### [RECORDS FOR THE EXERCISE]
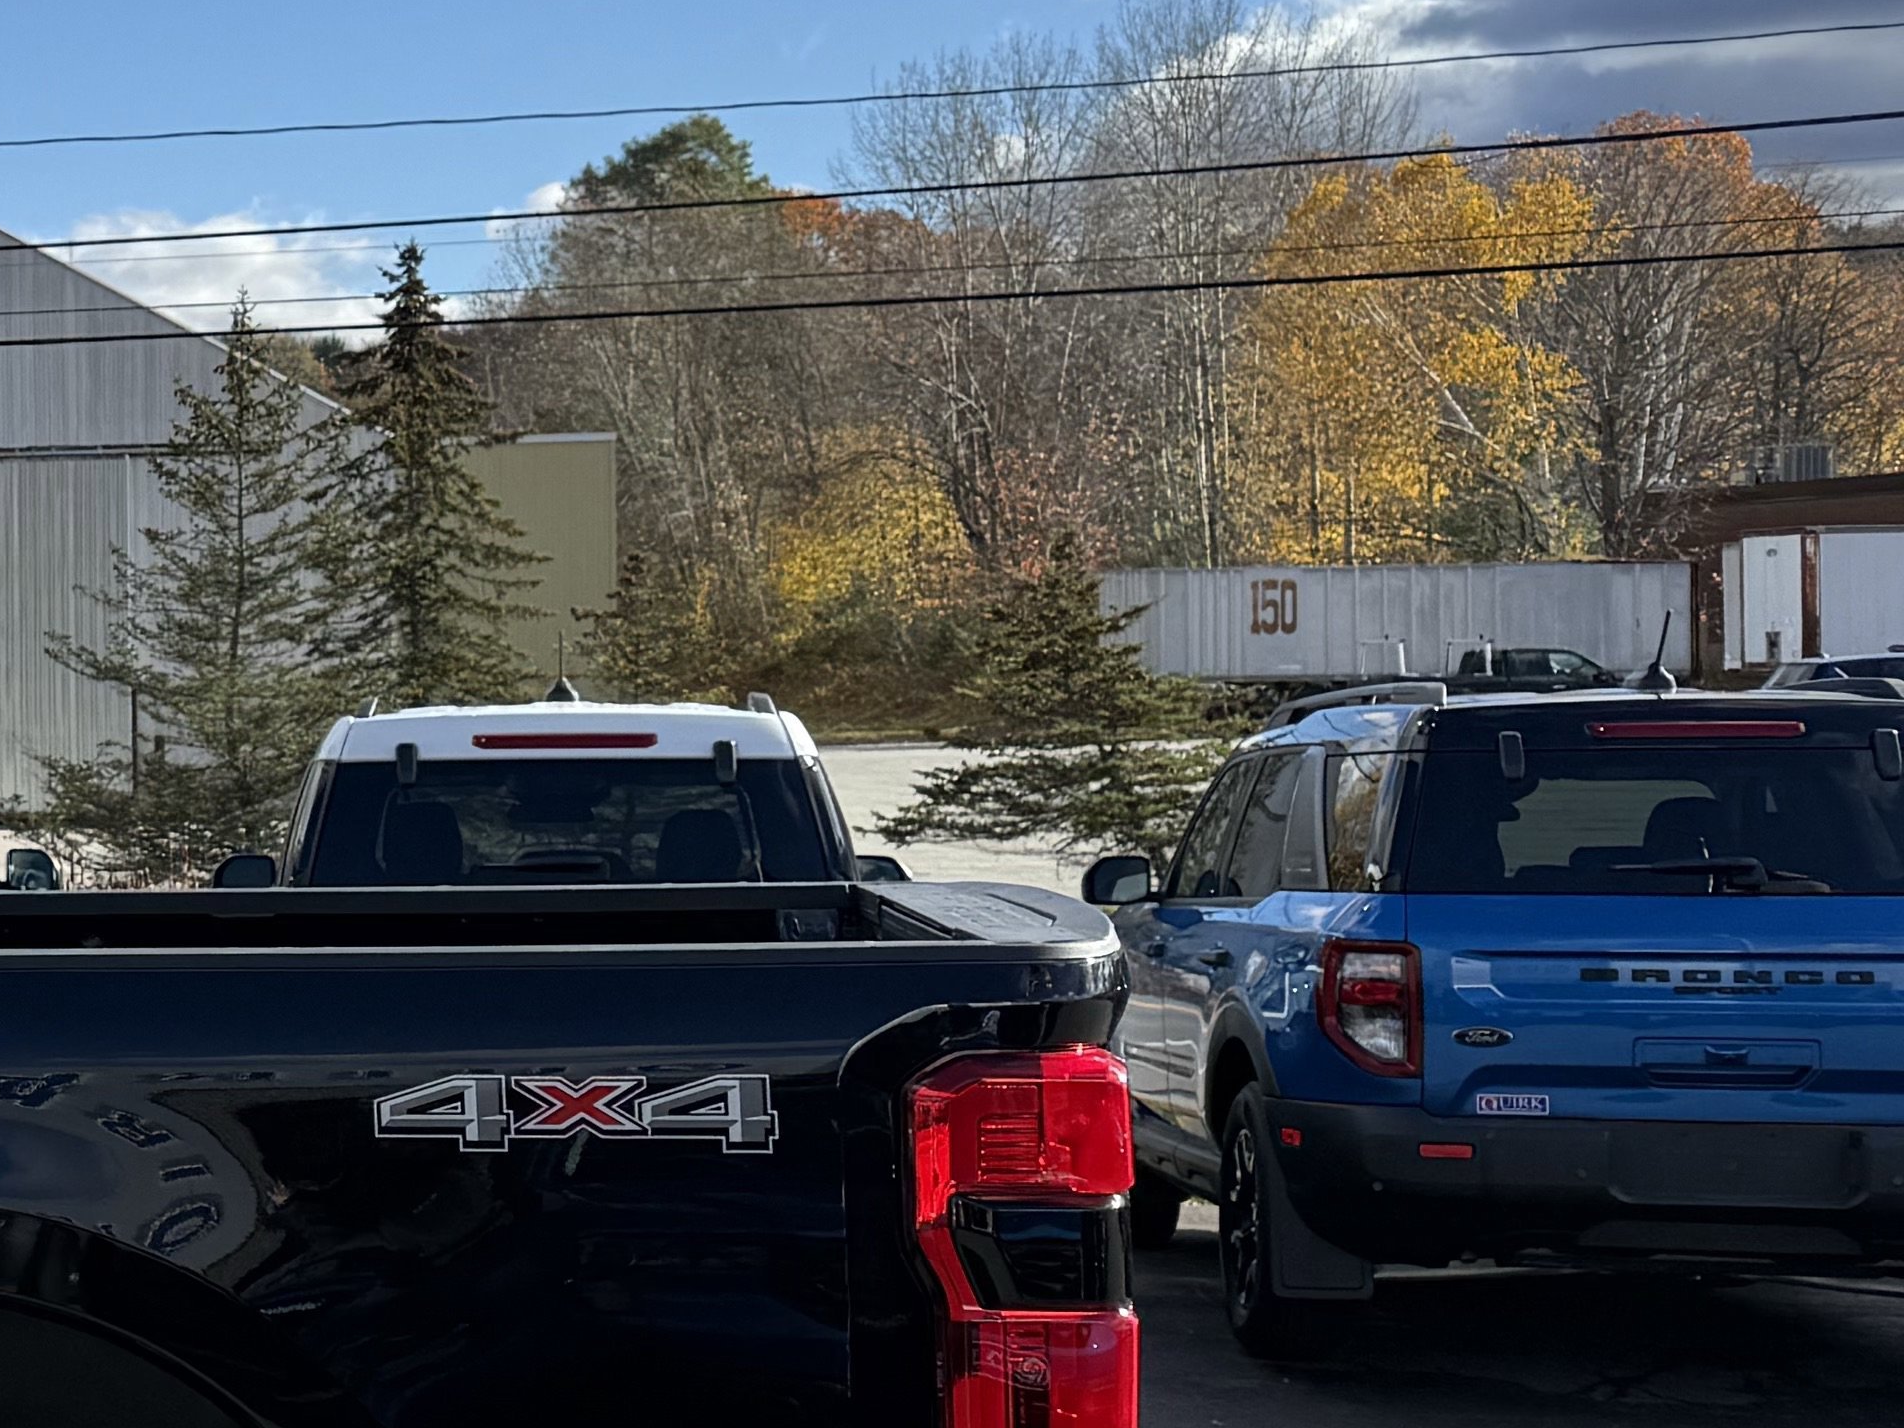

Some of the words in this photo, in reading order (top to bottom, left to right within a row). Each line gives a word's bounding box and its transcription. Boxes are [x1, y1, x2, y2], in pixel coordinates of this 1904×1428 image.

[1250, 578, 1298, 635] 150
[1579, 967, 1876, 985] BRONCO
[1481, 1095, 1543, 1111] QUIRK
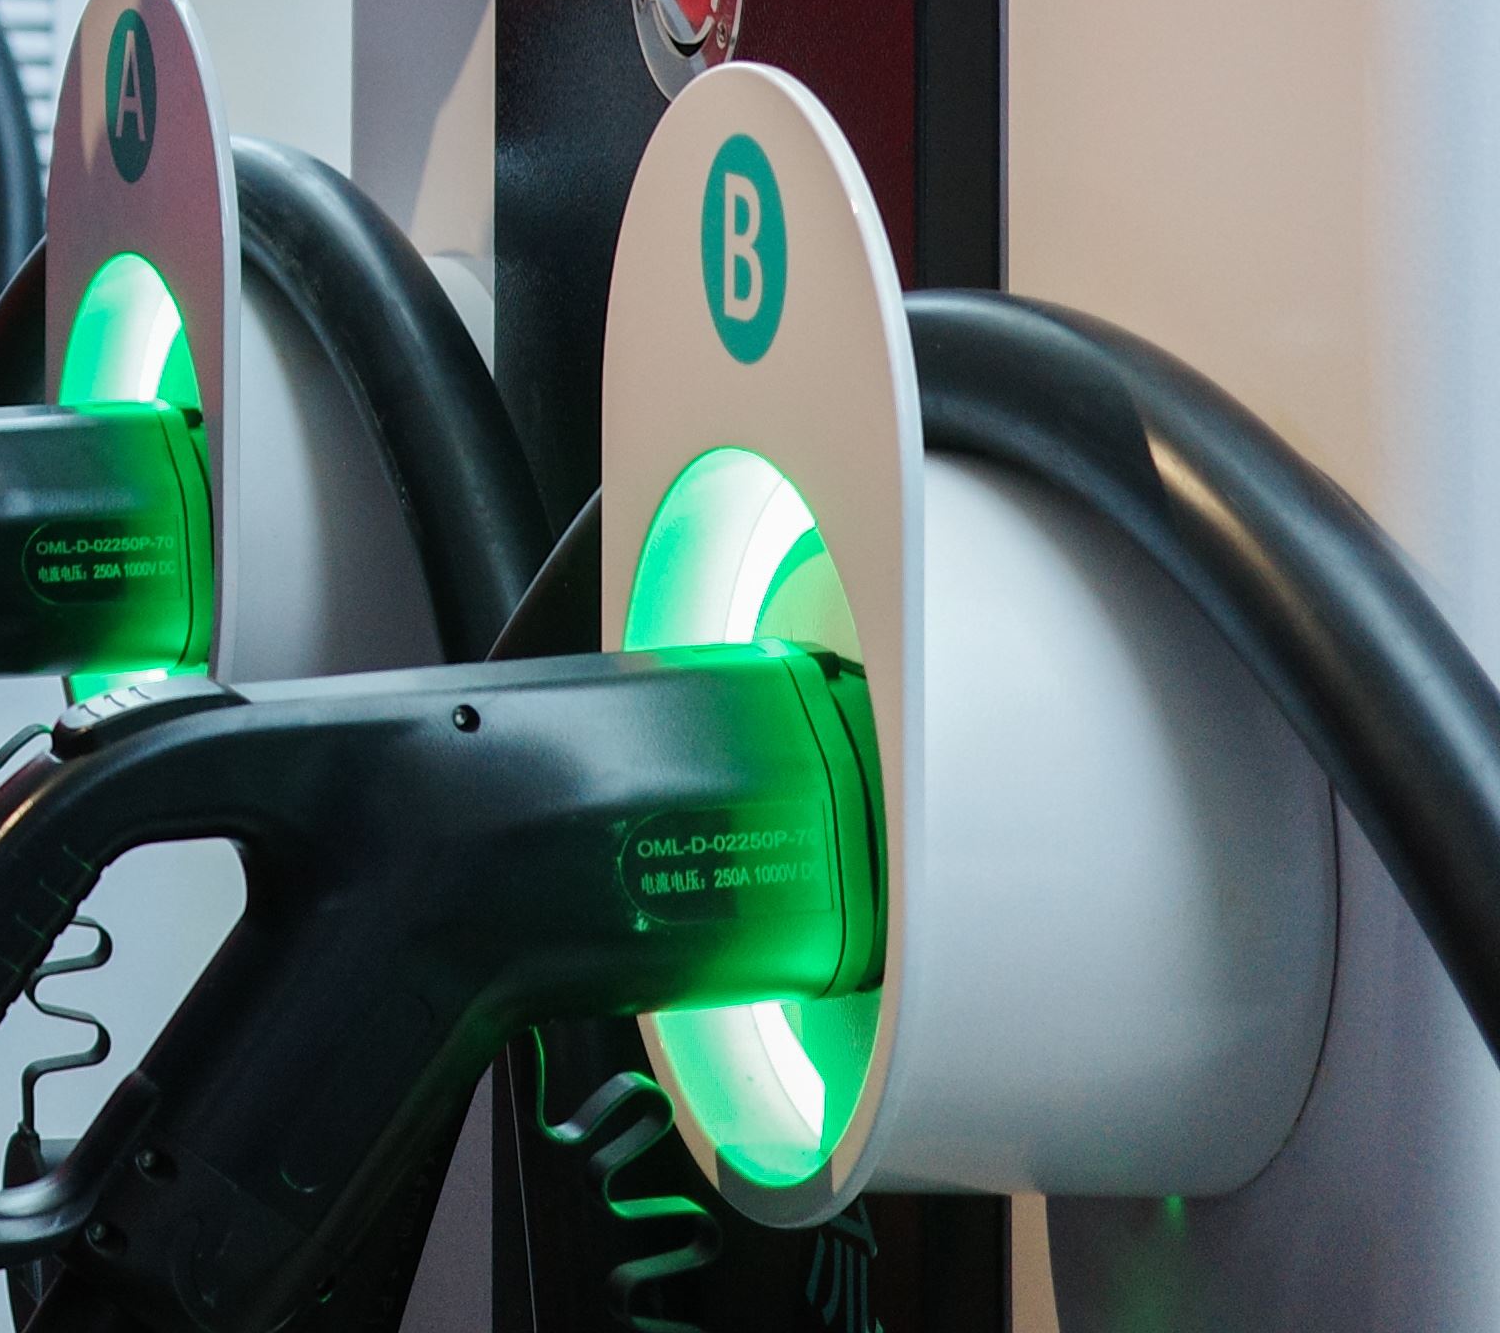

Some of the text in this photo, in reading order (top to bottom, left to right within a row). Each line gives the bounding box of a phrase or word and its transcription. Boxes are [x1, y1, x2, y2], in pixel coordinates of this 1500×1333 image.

[114, 28, 147, 142] A
[722, 171, 764, 323] B
[93, 563, 121, 579] 250A
[123, 561, 157, 577] 1000V
[159, 560, 176, 575] DC
[713, 866, 751, 889] 250A
[754, 863, 798, 884] 1000V

### [WORK INSTRUCTION]
Repeat each line above exactly as it reads, omitting any pictures.

### [RESULT OF THIS TASK]
Some of the words in this photo, in reading order (top to bottom, left to right within a row). Each line gives a word's bounding box and its transcription. Boxes are [x1, y1, x2, y2], in pixel coordinates of this 1904×1428 image.

[1250, 578, 1298, 635] 150
[1579, 967, 1876, 985] BRONCO
[1481, 1095, 1543, 1111] QUIRK

Some of the text in this photo, in reading order (top to bottom, left to right within a row). Each line gives the bounding box of a phrase or word and its transcription. Boxes are [x1, y1, x2, y2], in pixel coordinates of this 1500×1333 image.

[114, 28, 147, 142] A
[722, 171, 764, 323] B
[93, 563, 121, 579] 250A
[123, 561, 157, 577] 1000V
[159, 560, 176, 575] DC
[713, 866, 751, 889] 250A
[754, 863, 798, 884] 1000V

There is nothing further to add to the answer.